Bulls are primarily people who are willing to take on some form of risk for future gain. Some slight and some betting the entire house, the quantum of risk can vary but the acceptance of it is the key. We use the term "herd" or "falling off a cliff" to refer to the worst outcome a bull can incur. Taking on great personal harm in chasing those gains. This worst outcome for bulls is also the main perspective bears have when viewing bulls. Bulls that display the most risky behaviour in throwing money at situations where ignorance and confirmation bias is most prevalent is the classic poster child for the pitfalls of investing.
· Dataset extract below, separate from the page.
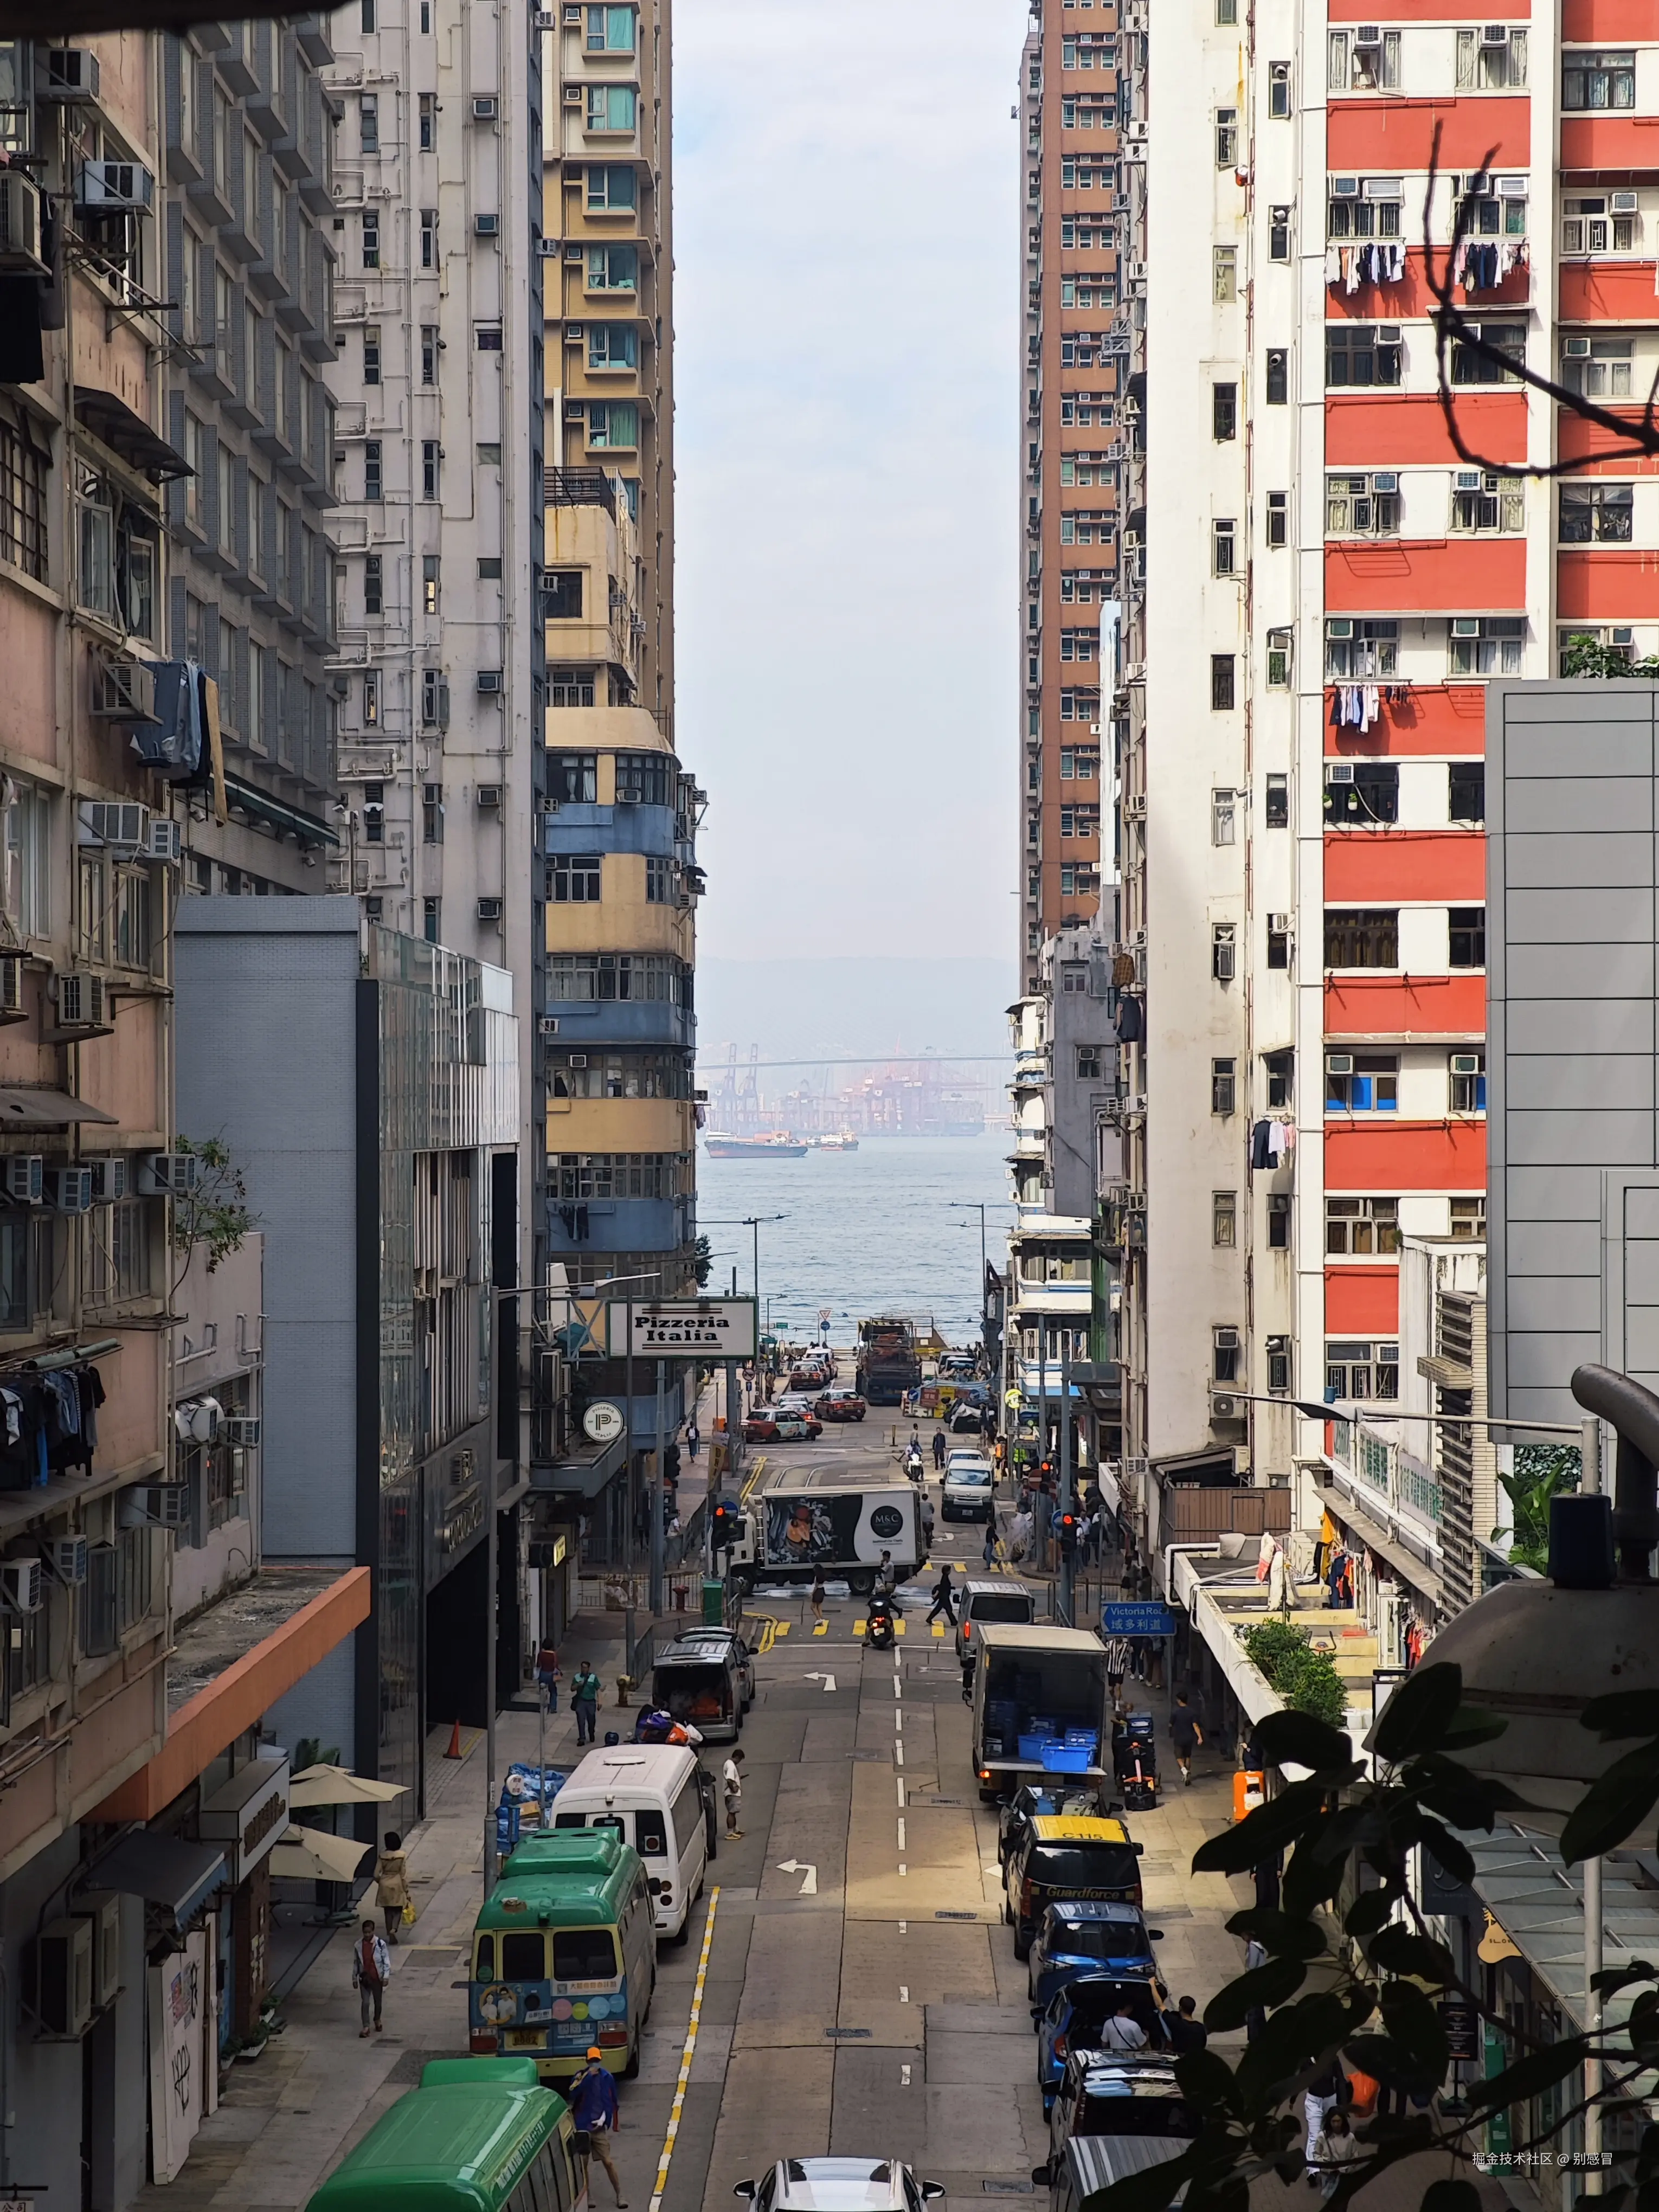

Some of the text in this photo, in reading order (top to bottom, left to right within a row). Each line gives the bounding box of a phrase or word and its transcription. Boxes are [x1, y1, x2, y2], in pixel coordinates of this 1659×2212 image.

Bears however are categorised by their loss aversion. They never want to be the sucker that loses money in an investment. Hence they rarely even invest. Most tout the same doomsday message every single year until they get it right. The most validating scenario for a bear is where everyone loses money but they remain safe because of their loss aversion tendencies. A bear is best identified by non-investment in most areas save the most classic of tools, property and blue chip stocks at most. If any. If bulls are characterised by sheep running off a cliff as the worst case scenario, how about bears? It is the frog who slowly gets boiled alive. By not taking on any significant risk, a bear will not lose money by their own actions. Exactly the reward they need psychologically. But this will mean instead of active losses, they will slowly bleed value by inflationary forces. The worse time for a bear is when inflation is high. But because the losses is in the form of value but the total sum of cash remains the same, they never feel it.
Now a bear is very different from a bull who feels bearish. If a person thinks the market is going to crash and shorts it, that is a bull who is feeling bearish. If a person thinks the market is going to crash every year and doesn't have significant equity investments, that is probably a bear. Or a perma bear. A bear who feels bullish might have a lot of noise about it socially, but rarely will invest a significant sum.
Now in terms of investing, is it better to be a bull or a bear?
The data is clear following the past 100 years of market movements. We usually hear investors on average are better off investing than not. But this is using the Law of Large Numbers which may not apply to you personally. The structure of the next sentence is important, so here goes. Among long term investors, there will be more investors that end up with net gains than investors that end up with net losses. For the bears, generally it is the reverse.
This is a personal thought experiment so the data I use is based on personal experience, nothing more. Think of a scale from 1 - 100 that categorises all people (bulls & bears). The 1st percentile are those who have lost everything in their lives. The 99th percentile are those who have gotten incredibly rich. Everybody in the bottom 20% percentile are bulls. Everybody in the top 30% are also bulls. Everything in the middle from the 20th percentile to the 70th percentile will be a combination of bulls and bears. In this world, there are more bulls than bears because of evolution and human psychology. Bears can have a net gain, but more bears will have a net loss purely because of loss aversion tendencies which leaves them vulnerable to invisible inflationary factors.
So generally, it is better to be a bull than a bear.
Sometimes, bulls get unlucky and there is nothing you can do to avoid black swan events. Like Apple or Coca Cola suddenly going into bankruptcy. Sometimes bears get lucky, because they are staying in Japan with a negative inflation rate. That is all part of life, and the only thing you can do is to make sure you have the knowledge to identify the type of environment you are in.
Just don't be a bull who throws money at "opportunities" without thinking because your best friend says it is a sure win trade or has made 30% profit in 1 month. That is neither a bull nor a bear. That is the third species, a scam victim.